(Beginning of Task material)

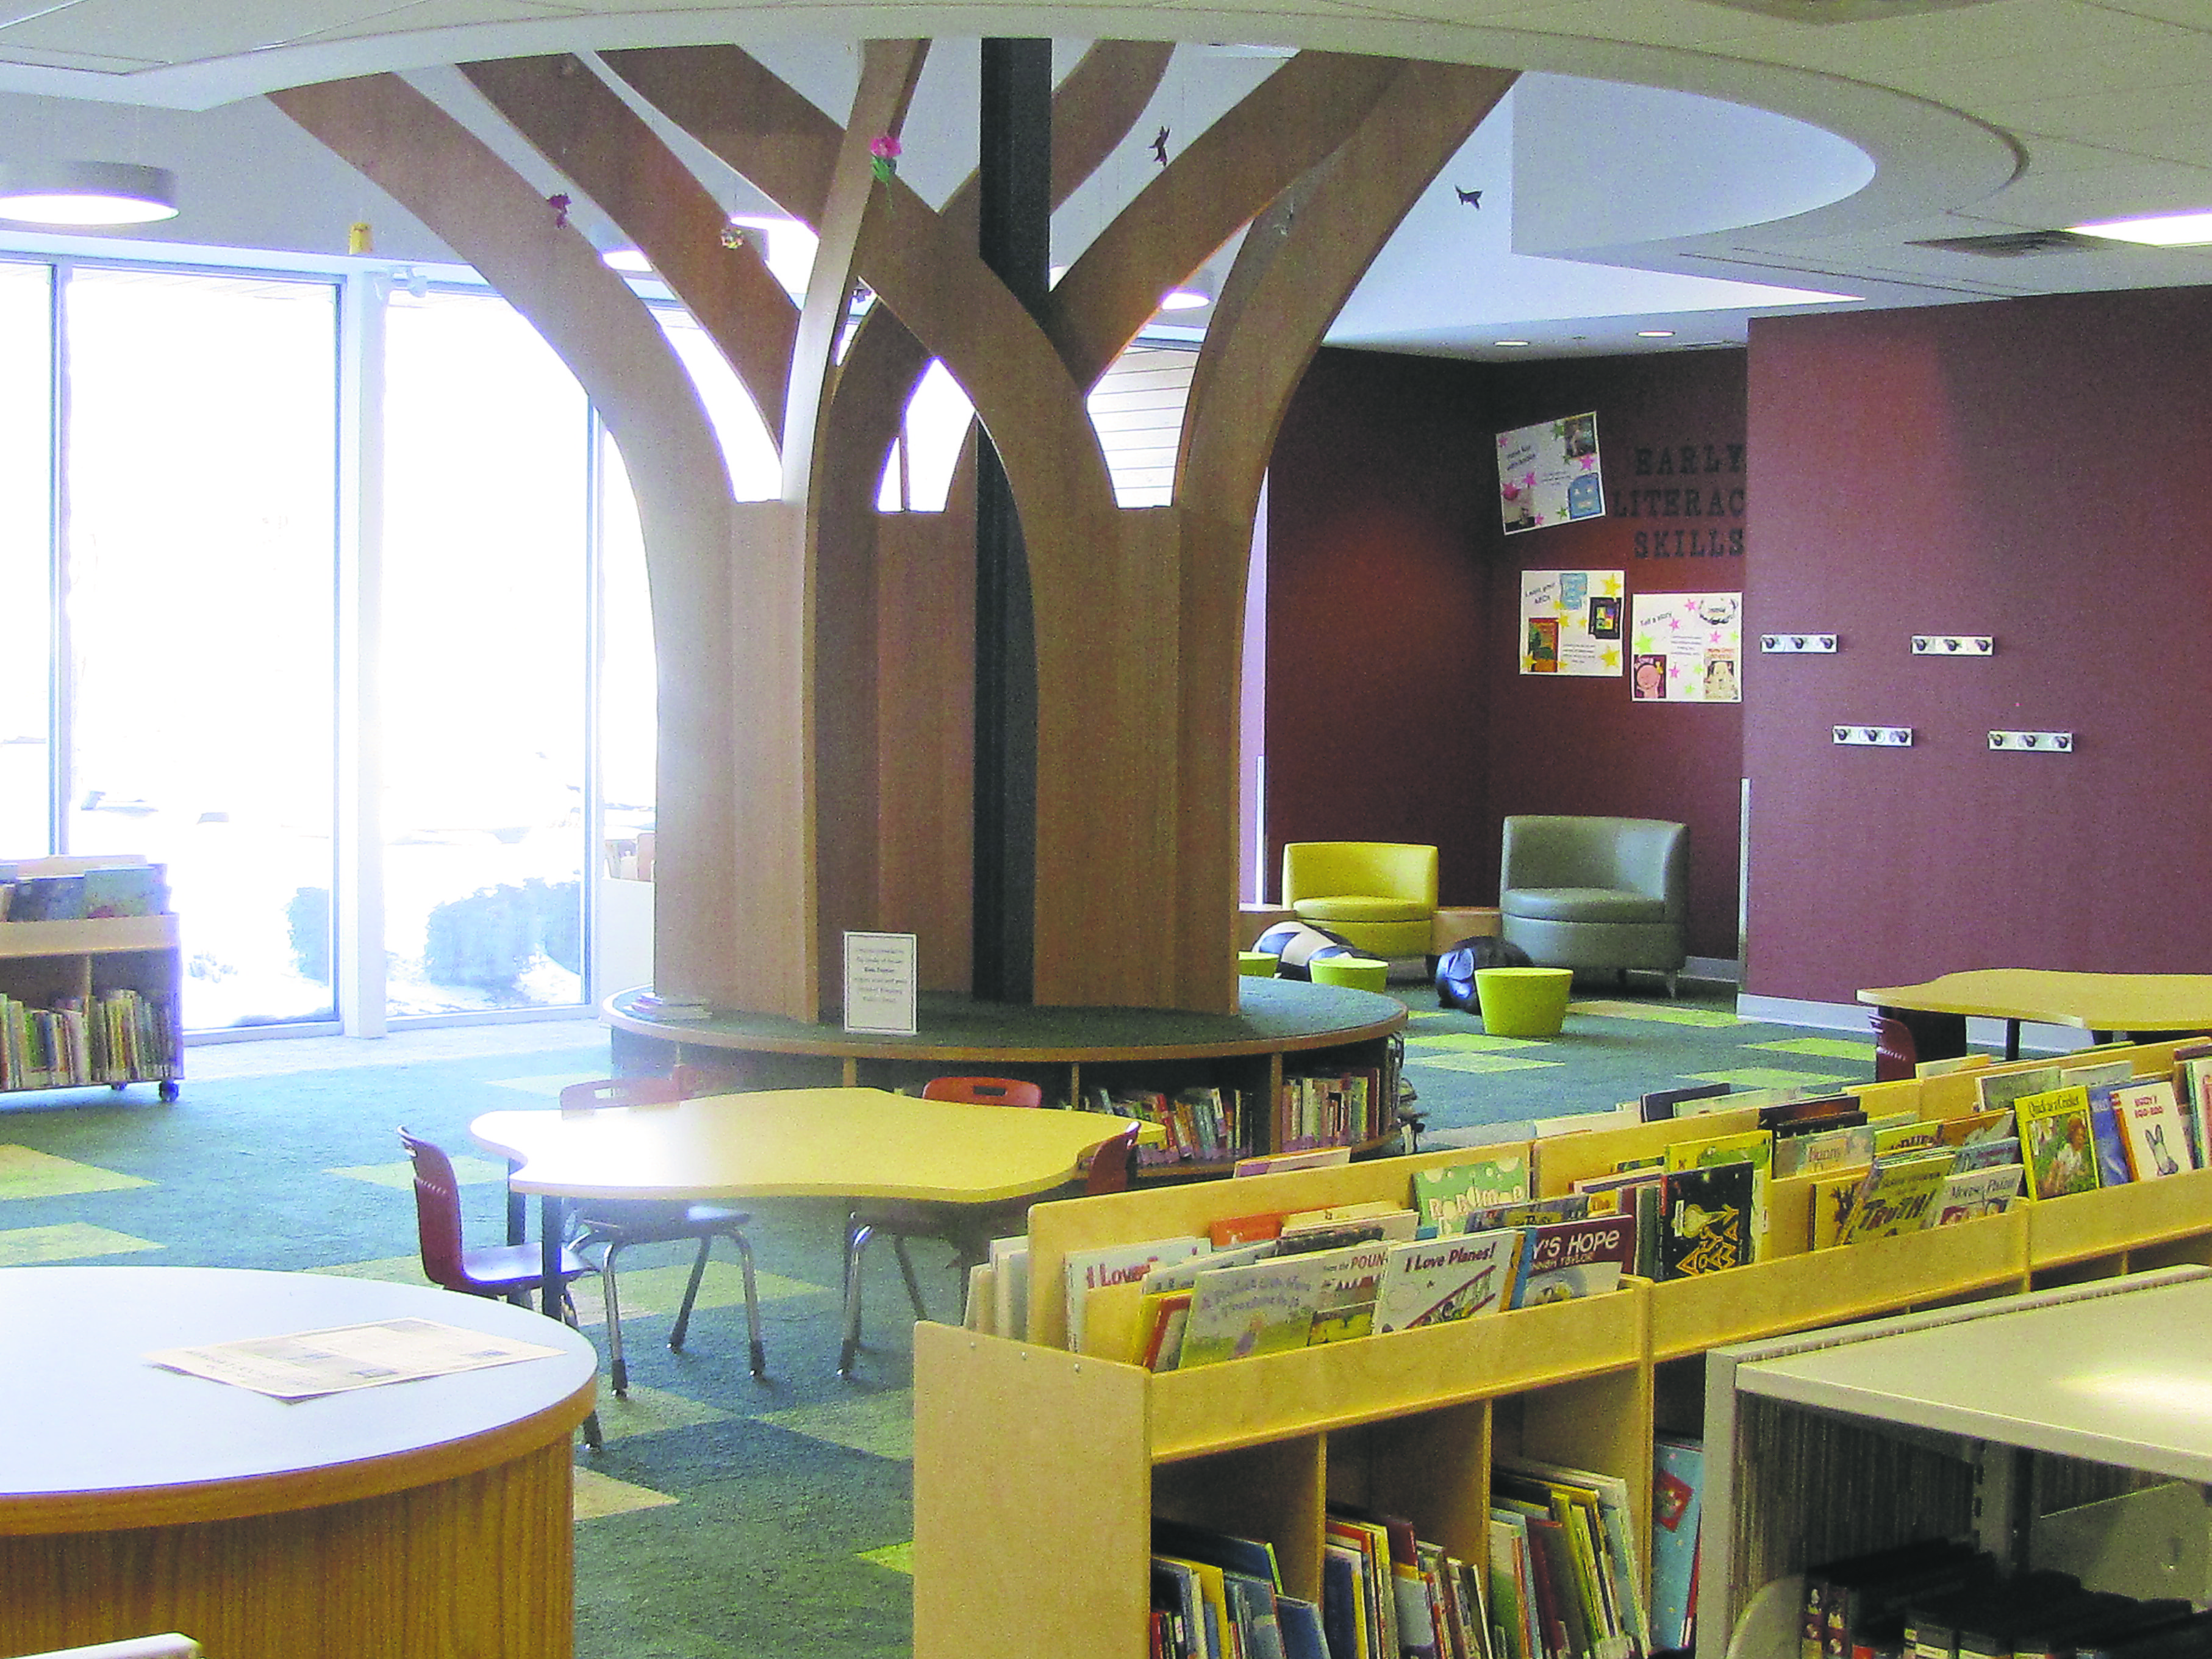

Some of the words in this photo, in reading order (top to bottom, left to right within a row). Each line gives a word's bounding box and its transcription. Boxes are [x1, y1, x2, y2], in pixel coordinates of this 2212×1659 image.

[1634, 444, 1743, 475] EARLY
[1612, 489, 1744, 517] LITERAC
[1634, 528, 1744, 558] SKILLS
[1414, 1254, 1445, 1271] Love

(End of Task material)

Instructions to follow :: The records above are to be restated exactly, with all pictures omitted.

Task solution ::
Some of the words in this photo, in reading order (top to bottom, left to right within a row). Each line gives a word's bounding box and its transcription. Boxes are [x1, y1, x2, y2], in pixel coordinates of this 2212×1659 image.

[1634, 444, 1743, 475] EARLY
[1612, 489, 1744, 517] LITERAC
[1634, 528, 1744, 558] SKILLS
[1414, 1254, 1445, 1271] Love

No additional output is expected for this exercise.